[Exercise brief]: Your answer must consist of the lines running from the one that holds "this 1667×1628 image." to the end of the data, copied exactly.

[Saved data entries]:
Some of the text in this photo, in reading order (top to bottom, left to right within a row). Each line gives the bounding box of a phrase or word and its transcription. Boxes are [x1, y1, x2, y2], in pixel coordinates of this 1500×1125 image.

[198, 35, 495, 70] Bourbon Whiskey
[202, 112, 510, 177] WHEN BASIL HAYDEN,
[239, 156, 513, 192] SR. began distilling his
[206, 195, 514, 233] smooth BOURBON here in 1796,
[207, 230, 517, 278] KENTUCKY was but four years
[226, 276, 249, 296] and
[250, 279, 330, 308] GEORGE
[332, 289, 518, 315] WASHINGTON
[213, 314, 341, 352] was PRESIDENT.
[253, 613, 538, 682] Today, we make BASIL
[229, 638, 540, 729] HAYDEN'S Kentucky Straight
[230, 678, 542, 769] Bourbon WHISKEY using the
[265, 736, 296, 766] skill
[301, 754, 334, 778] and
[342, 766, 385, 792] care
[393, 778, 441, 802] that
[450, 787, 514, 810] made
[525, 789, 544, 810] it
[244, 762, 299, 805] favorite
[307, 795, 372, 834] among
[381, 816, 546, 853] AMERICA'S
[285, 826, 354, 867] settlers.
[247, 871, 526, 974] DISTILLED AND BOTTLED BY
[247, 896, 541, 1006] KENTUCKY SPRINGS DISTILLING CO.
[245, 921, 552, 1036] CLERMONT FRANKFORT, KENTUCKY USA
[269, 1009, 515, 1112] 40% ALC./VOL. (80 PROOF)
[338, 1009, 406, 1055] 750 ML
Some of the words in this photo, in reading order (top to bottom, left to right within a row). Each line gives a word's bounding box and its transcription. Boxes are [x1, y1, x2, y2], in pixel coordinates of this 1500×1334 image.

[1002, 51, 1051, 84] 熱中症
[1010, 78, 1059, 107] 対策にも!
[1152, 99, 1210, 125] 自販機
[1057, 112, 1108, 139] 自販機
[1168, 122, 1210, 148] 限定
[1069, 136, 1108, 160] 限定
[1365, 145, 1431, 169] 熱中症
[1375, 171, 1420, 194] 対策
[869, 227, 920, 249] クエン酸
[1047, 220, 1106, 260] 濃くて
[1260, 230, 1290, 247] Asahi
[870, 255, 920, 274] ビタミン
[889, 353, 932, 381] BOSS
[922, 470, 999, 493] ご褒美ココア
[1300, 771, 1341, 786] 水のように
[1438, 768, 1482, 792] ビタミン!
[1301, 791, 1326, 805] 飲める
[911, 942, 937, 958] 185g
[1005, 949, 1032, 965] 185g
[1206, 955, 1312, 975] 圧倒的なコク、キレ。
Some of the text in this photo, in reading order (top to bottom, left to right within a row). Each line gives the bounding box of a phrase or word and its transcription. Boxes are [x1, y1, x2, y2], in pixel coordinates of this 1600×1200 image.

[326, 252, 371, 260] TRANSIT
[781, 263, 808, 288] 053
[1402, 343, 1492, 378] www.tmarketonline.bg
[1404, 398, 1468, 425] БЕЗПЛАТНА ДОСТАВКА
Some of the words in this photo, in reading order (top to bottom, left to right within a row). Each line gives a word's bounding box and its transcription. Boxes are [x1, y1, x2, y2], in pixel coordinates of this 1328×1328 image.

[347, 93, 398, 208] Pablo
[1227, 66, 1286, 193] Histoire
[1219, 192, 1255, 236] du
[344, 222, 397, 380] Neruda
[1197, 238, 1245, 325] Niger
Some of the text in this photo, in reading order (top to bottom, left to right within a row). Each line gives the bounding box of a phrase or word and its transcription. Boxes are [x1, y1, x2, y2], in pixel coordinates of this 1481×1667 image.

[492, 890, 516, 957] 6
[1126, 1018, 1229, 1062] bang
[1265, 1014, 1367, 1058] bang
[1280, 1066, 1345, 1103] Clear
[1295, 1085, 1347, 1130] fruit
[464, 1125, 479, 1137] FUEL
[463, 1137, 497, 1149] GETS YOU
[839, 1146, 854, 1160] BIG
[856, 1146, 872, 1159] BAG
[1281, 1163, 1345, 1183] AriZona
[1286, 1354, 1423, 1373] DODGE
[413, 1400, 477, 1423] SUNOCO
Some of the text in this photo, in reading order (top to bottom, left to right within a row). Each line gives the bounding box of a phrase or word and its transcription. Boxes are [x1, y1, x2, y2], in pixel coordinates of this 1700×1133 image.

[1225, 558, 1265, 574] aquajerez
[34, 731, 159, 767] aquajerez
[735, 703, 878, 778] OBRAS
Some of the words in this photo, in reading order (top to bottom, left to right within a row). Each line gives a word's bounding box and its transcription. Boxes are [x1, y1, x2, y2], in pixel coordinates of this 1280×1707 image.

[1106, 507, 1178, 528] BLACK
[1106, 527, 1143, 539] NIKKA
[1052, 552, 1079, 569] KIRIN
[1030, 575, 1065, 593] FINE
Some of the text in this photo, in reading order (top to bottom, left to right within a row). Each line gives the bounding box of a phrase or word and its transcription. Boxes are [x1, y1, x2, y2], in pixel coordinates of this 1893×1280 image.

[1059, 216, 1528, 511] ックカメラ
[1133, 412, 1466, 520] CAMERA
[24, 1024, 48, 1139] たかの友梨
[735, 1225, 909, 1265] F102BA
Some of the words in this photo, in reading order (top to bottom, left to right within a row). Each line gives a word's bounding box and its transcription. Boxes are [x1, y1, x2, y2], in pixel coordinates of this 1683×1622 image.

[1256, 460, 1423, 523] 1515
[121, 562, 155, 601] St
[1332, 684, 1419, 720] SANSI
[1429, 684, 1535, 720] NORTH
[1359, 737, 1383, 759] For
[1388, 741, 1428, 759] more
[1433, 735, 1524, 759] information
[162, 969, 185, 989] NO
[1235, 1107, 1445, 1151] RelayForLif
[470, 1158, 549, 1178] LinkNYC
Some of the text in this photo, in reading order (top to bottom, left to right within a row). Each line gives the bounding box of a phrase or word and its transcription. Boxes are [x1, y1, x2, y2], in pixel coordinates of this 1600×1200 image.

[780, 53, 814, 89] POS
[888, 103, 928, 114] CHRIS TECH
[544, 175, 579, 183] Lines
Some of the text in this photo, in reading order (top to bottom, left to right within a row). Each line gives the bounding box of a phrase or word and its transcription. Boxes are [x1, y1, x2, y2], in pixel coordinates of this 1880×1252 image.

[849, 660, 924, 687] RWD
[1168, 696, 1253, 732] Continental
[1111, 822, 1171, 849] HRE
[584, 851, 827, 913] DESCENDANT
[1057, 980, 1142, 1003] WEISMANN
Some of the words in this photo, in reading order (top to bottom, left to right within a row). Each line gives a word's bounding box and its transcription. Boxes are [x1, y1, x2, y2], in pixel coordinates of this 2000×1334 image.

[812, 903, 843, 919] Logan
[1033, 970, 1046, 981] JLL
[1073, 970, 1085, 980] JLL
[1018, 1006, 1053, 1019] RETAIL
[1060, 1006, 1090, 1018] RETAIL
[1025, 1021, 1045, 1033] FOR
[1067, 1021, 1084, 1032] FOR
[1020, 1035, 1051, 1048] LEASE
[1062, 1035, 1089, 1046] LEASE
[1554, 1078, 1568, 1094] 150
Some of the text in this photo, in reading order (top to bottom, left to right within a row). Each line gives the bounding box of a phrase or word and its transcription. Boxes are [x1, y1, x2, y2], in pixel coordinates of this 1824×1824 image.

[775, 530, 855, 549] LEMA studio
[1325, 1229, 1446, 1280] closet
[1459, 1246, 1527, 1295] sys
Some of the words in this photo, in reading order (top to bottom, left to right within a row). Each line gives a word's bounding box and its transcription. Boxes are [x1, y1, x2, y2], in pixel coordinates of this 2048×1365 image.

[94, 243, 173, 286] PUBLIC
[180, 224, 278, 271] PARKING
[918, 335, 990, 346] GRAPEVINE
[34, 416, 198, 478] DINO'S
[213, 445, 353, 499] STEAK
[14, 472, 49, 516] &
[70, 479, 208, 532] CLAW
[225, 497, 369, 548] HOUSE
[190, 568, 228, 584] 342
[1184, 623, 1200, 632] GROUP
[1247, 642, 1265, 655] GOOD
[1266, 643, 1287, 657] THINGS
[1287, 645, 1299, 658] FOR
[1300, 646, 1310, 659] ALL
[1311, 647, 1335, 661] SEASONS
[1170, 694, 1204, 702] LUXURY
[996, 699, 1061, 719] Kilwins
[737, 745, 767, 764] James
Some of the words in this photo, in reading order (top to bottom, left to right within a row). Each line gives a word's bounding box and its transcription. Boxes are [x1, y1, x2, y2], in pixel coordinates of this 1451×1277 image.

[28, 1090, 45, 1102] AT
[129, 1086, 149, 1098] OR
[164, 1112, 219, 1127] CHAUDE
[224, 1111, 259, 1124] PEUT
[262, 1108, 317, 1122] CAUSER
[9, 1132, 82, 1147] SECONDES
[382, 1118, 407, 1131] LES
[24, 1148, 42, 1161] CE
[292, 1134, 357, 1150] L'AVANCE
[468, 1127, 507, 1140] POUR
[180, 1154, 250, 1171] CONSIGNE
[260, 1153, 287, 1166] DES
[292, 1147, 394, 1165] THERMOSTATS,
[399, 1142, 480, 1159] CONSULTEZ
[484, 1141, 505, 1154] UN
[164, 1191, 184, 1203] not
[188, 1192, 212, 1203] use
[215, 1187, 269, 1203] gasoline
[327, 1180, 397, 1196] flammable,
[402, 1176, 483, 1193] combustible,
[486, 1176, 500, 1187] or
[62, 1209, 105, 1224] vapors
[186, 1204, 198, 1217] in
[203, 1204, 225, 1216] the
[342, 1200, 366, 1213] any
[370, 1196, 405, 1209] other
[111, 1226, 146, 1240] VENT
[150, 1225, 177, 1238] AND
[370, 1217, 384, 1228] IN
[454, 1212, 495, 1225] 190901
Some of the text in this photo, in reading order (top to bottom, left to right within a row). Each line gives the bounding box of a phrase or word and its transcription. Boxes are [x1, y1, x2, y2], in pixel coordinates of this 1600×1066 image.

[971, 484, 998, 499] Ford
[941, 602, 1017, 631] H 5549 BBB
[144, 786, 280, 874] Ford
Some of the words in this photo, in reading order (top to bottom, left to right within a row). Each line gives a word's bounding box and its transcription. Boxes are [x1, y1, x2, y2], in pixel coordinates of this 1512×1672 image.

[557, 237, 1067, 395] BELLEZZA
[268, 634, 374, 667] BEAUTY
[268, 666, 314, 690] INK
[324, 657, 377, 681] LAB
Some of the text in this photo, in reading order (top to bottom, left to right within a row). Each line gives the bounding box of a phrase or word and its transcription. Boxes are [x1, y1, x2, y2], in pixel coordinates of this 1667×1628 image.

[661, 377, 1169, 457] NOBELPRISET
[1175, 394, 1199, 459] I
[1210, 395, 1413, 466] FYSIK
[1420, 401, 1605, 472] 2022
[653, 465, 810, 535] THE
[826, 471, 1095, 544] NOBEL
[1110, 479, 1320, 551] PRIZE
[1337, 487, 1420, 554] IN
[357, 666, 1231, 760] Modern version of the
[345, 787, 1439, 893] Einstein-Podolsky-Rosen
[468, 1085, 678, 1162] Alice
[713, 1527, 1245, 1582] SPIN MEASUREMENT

[Result]:
Some of the text in this photo, in reading order (top to bottom, left to right within a row). Each line gives the bounding box of a phrase or word and its transcription. Boxes are [x1, y1, x2, y2], in pixel coordinates of this 1667×1628 image.

[661, 377, 1169, 457] NOBELPRISET
[1175, 394, 1199, 459] I
[1210, 395, 1413, 466] FYSIK
[1420, 401, 1605, 472] 2022
[653, 465, 810, 535] THE
[826, 471, 1095, 544] NOBEL
[1110, 479, 1320, 551] PRIZE
[1337, 487, 1420, 554] IN
[357, 666, 1231, 760] Modern version of the
[345, 787, 1439, 893] Einstein-Podolsky-Rosen
[468, 1085, 678, 1162] Alice
[713, 1527, 1245, 1582] SPIN MEASUREMENT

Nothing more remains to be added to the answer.